К месту стычки прибыли бояре Салтыковы и Борис Лыков. Им кое-как удалось утихомирить народ и вернуть обоз обратно в Кремль. Однако содержимое нескольких саней москвичи вытряхнули на снег и растащили по своим домам.

В Белом городе тоже произошли столкновения между москвичами и поляками, поэтому торжества были прекращены во избежание большого кровопролития.

Гонсевский затеял разбирательство с боярами-блюстителями, требуя учинить розыск тех посадских людей, от рук которых погиб ротмистр Ковальский. Федор Мстиславский резонно отвечал Гонсевскому, что любые попытки разыскать и наказать убийц Ковальского неизбежно вызовут мятеж всего посадского люда.

«У тебя, пан полковник, храброе войско, но оно невелико, – молвил Мстиславский. – У нас ратных людей и того меньше. Сидим мы в Кремле и Китай-городе как на бочке с порохом. В Москве готовится восстание, это доподлинно известно. Нельзя нам сейчас дразнить московлян, пан полковник. Коль вся Москва поднимется против нас, то придется нам петь заупокойную молитву!»

О том же говорили Гонсевскому прочие думские бояре, согласные с мнением Мстиславского. Они настаивали на том, чтобы Гонсевский затребовал и поскорее военную подмогу у короля Сигизмунда.

«Ладно бы, токмо московские посады грозили нам восстанием, – промолвил Иван Салтыков, – но есть и беда пострашнее, пан полковник. Во многих городах идет сбор земского ополчения, которое вот-вот двинется на Москву. И это не голытьба с топорами и кольями, а сильные полки с пушками и пищалями. Без рати Сигизмунда нам против земского ополчения не выстоять!»

Гонсевский сказал боярам, что войско Сигизмунда связано осадой Смоленска, поэтому в ближайшие месяц-два никакой военной помощи от короля не будет.

«Если в Москве зреет восстание, значит, нам следует действовать на упреждение, – заявил Гонсевский. – Нужно втащить на стены Кремля и Китай-города все имеющиеся у нас пушки. Нужно вооружить всех преданных нам людей и загодя запастись провиантом на случай долгой осады. Закончив все приготовления, мы ударим первыми и захватим Белый город!»

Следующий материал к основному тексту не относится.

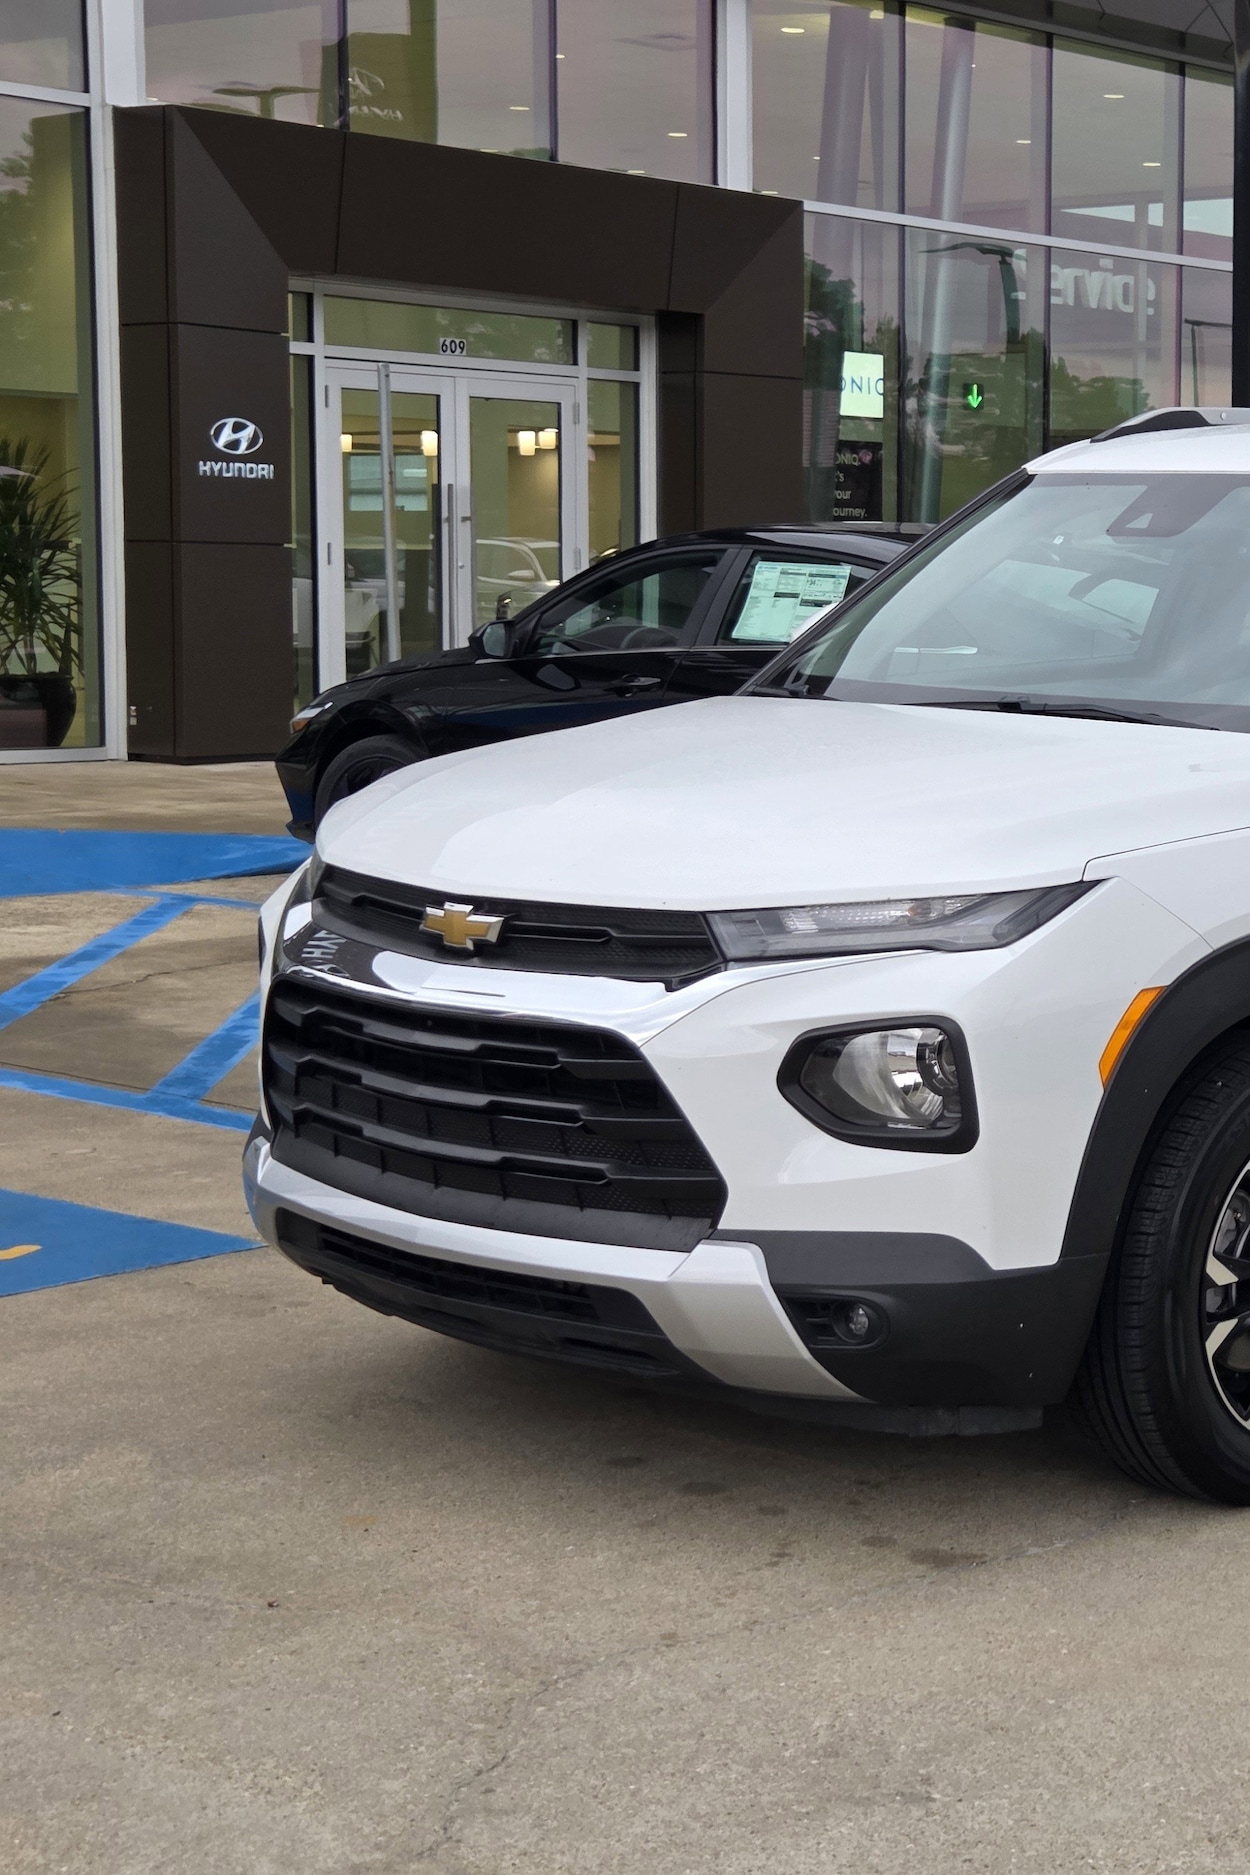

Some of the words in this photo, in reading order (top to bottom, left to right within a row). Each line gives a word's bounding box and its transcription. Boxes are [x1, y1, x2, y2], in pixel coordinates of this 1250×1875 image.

[441, 339, 465, 354] 609
[199, 460, 274, 479] HYUNDAI
[834, 490, 852, 500] our
[832, 507, 868, 519] ourney.
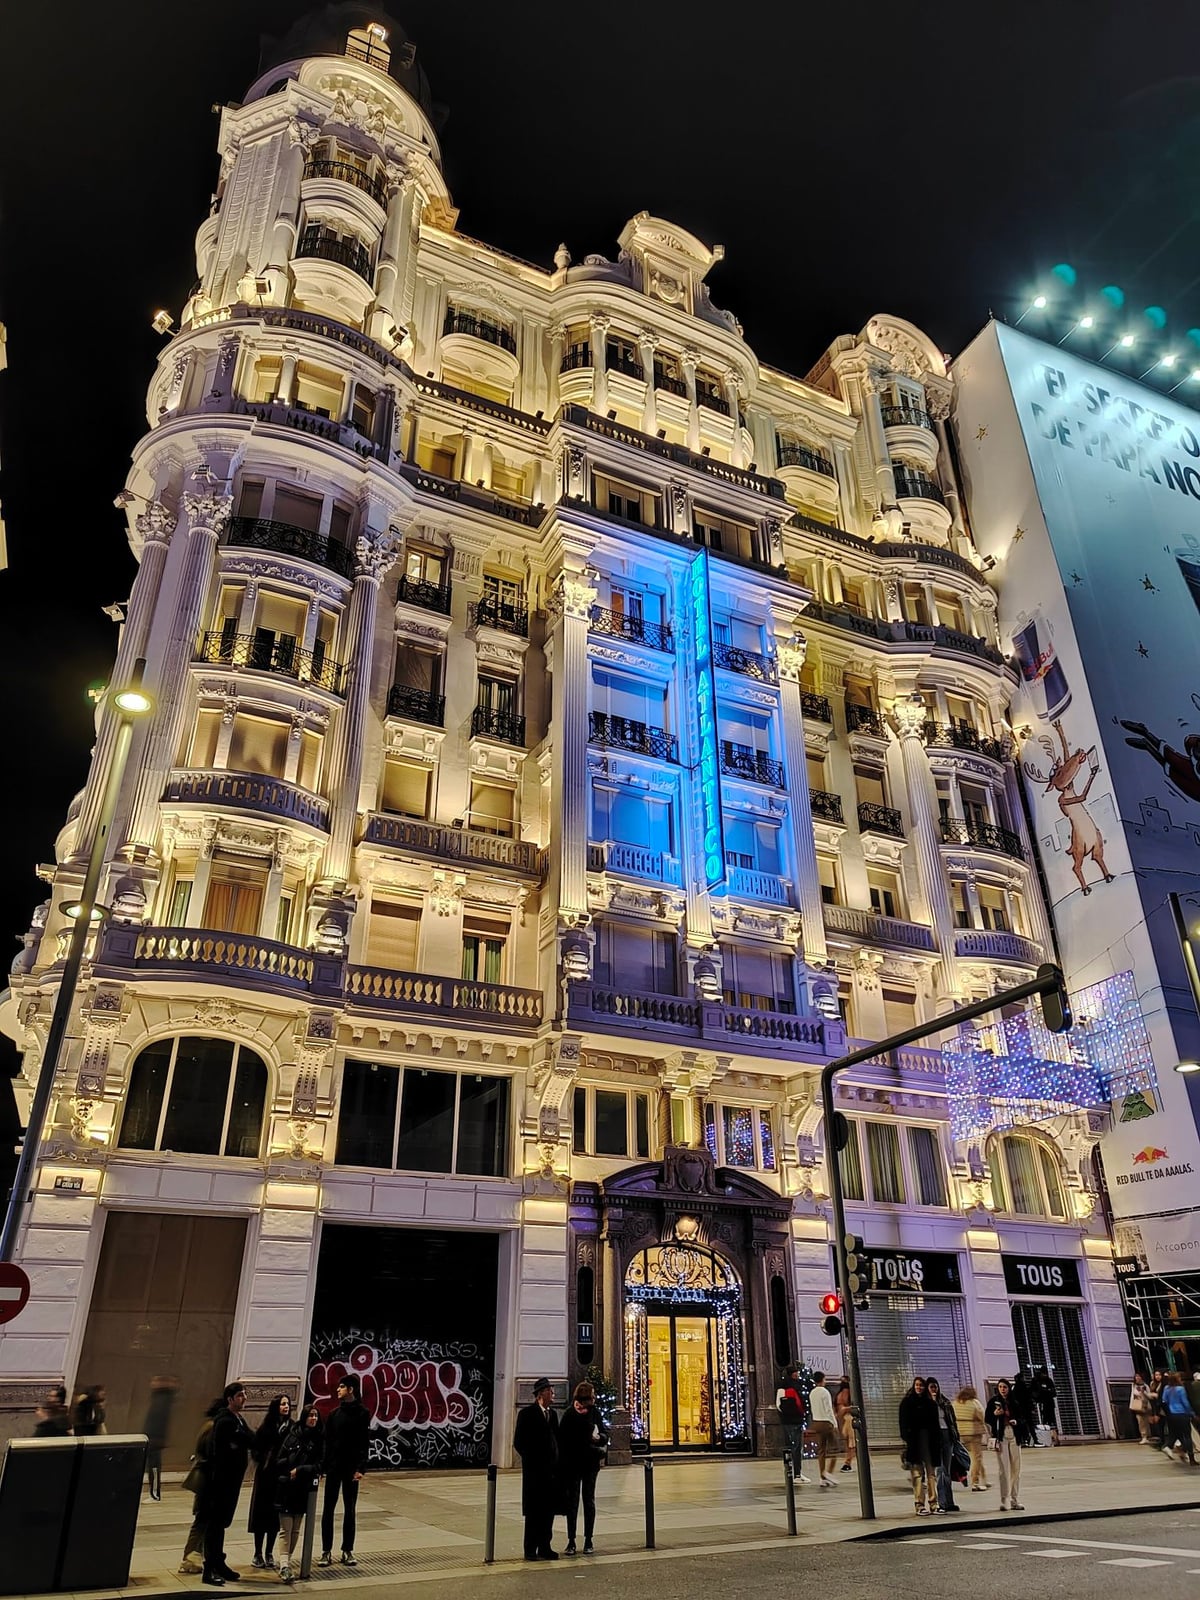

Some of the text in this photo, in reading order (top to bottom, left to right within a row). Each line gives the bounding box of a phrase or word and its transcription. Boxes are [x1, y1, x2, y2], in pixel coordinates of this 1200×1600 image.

[691, 552, 707, 660] HOTEL
[697, 670, 721, 880] ATLANTICO
[1116, 1174, 1129, 1186] RED
[1129, 1171, 1146, 1184] BULL
[1145, 1170, 1154, 1181] TE
[1154, 1168, 1165, 1180] DA
[1155, 1240, 1200, 1253] Arcopon
[873, 1258, 924, 1282] TOUS
[1016, 1264, 1064, 1288] TOUS
[1116, 1263, 1136, 1273] TOUS
[631, 1287, 666, 1299] HOTEL

Александр Гонсевский был опытным и смелым военачальником. Он был полон решимости взять под контроль своих войск Белый и Земляной город, где проживала большая часть населения Москвы. Деревянная стена Земляного города являлась передовой и самой протяженной линией обороны столицы. Белый город получил свое название от белокаменной крепостной стены, которая окружала его, являясь второй оборонительной линией столицы. В центре Москвы были расположены две цитадели, примыкавшие одна к другой, обнесенные мощными стенами и башнями, – Кремль и Китай-город.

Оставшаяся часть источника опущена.